According to Farkash, the plastic post they make are extremely environmentally friendly as the post can last a lifetime unlike the current wooden post which has to be replaced frequently. “The post we make come out black and they are so hard you can’t break them. We had it in a vice trying to break it and we couldn’t do it, when we did finally break one it is almost like fiberglass, it’s a different kind of plastic.” commented Farkash. “It seems harder than a fir wood, we can pound a staple in it and the staple you have to get it straight when it goes in there, but with wood when it gets wet it shrinks and then the staple comes out and so these plastic posts don’t do that because water doesn’t affect it. You can saw this material with a hand saw, you can saw it with a wood saw, you can saw it with a chainsaw everything you would do with a wood one but it’s plastic, the consumer doesn’t have to change anything, the only difference is these posts will last forever.”

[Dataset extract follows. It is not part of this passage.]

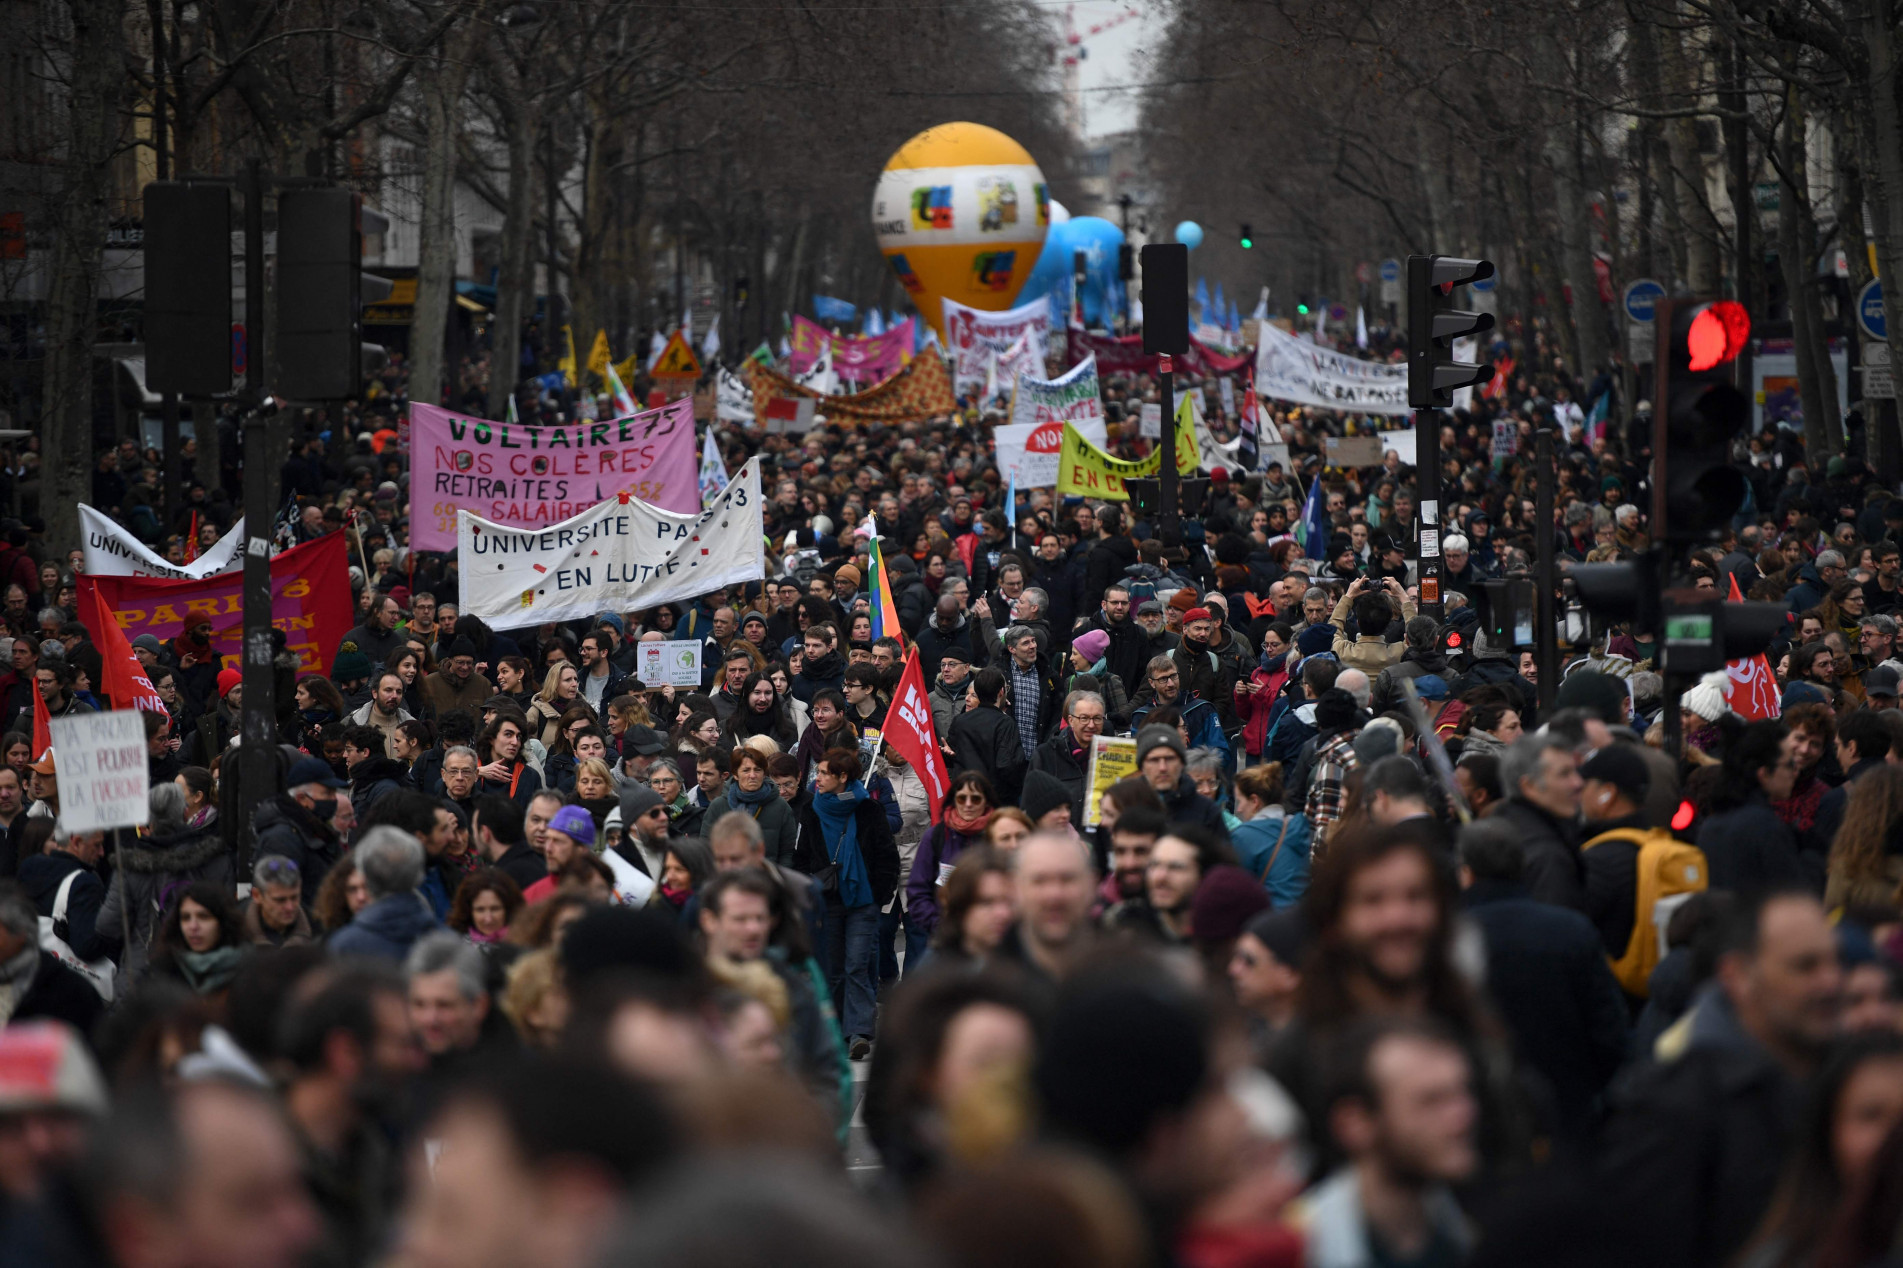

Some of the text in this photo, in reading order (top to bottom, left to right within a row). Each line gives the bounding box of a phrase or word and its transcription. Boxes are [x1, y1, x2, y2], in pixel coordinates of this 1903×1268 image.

Farkash also says that the counties have acres of grain bags with no place to go, like a mountain of tires, and said that 37 to 38 counties have bags all over the place that they don’t know what to do with them.

“The counties have been shipping them into the States and have to pay the trucking to do that, to get rid of it and there is an environmental fee they have on the plastic so they do get paid for that end of it. I would just like to recycle it here locally, why not? If we can put money in our economy here and do whatever,” said Farkash. He also went on to say that, “we are taking a product they are burying and they don’t know what to do with and we are reusing it to refine it into something that people can use. Waste product to refine waste products and I think that has got to be the next phase.”

Farkash says that he has no engineering background but that he builds a lot of stuff and that he is really into recycling and that he utilizes items that people would throw away.

“I think we need a whole new generation that can think outside the box, if they can it will change the world like Henry Ford did.

I think it’s really cool in a small town with the farm sector doing whatever and everyone is worried about COVID that we could utilize stuff that people throw away. I think right now the brightest future in industry is recycling stuff, when you think about it that we can take wood pallets and cooking oil that is burnable and I use it as energy to recycle and make plastic posts,” said Farkash.